**TASK REQUIREMENTS**
Repeat the listing exactly, line by line, and leave the pictures behind.
☆ ☆ ☆
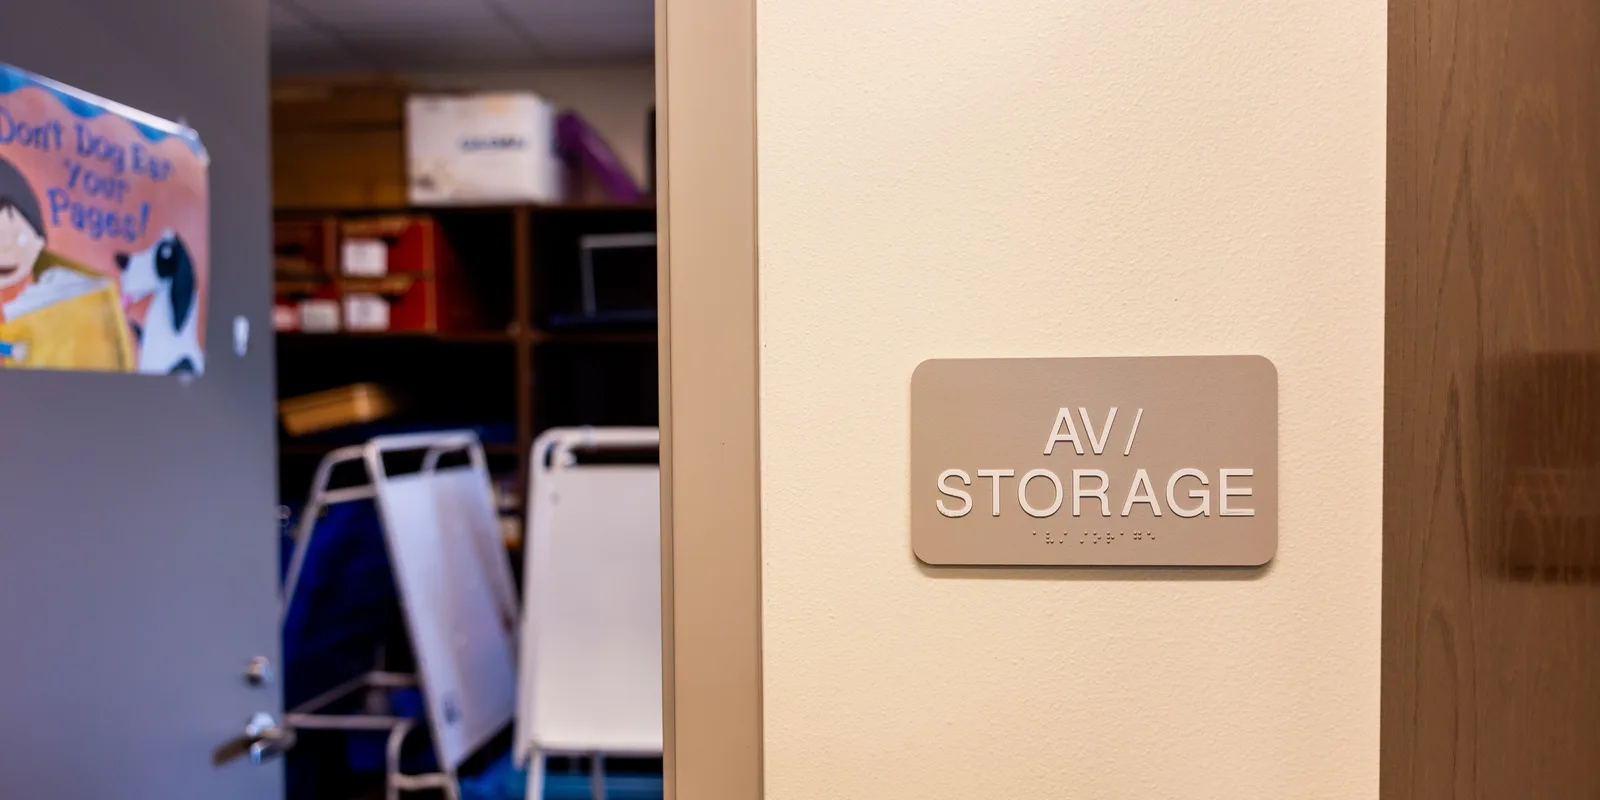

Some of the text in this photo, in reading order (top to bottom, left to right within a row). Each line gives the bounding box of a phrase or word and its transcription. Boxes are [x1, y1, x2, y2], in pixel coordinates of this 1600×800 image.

[75, 122, 125, 175] Dog
[63, 158, 128, 203] Your
[47, 187, 150, 242] Pages!
[1043, 407, 1144, 456] AV/
[936, 468, 1255, 519] STORAGE
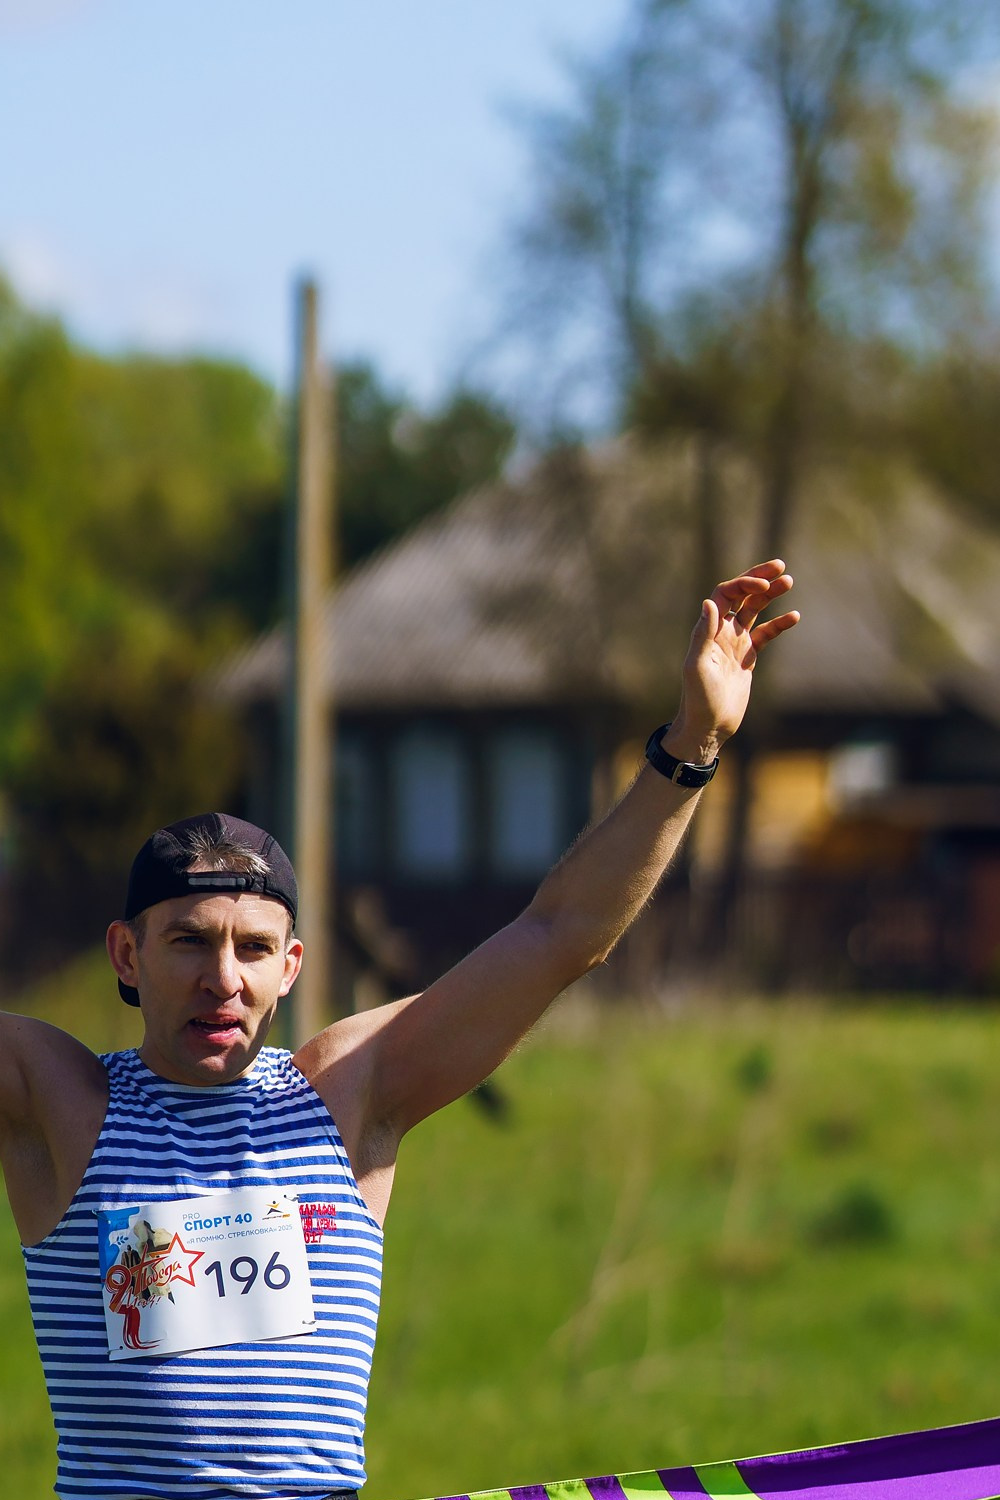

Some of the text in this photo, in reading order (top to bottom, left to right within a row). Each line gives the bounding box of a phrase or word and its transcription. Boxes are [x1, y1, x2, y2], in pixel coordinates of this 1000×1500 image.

[182, 1212, 201, 1220] PRO
[184, 1215, 232, 1231] СПОРТ
[234, 1212, 253, 1225] 40
[278, 1224, 293, 1232] 2025
[204, 1251, 291, 1298] 196
☆ ☆ ☆
**TASK RESULT**
Some of the text in this photo, in reading order (top to bottom, left to right within a row). Each line gives the bounding box of a phrase or word and its transcription. Boxes are [x1, y1, x2, y2], in pixel coordinates of this 1600×800 image.

[75, 122, 125, 175] Dog
[63, 158, 128, 203] Your
[47, 187, 150, 242] Pages!
[1043, 407, 1144, 456] AV/
[936, 468, 1255, 519] STORAGE

Some of the text in this photo, in reading order (top to bottom, left to right within a row). Each line gives the bounding box of a phrase or word and its transcription. Boxes are [x1, y1, x2, y2], in pixel coordinates of this 1000×1500 image.

[182, 1212, 201, 1220] PRO
[184, 1215, 232, 1231] СПОРТ
[234, 1212, 253, 1225] 40
[278, 1224, 293, 1232] 2025
[204, 1251, 291, 1298] 196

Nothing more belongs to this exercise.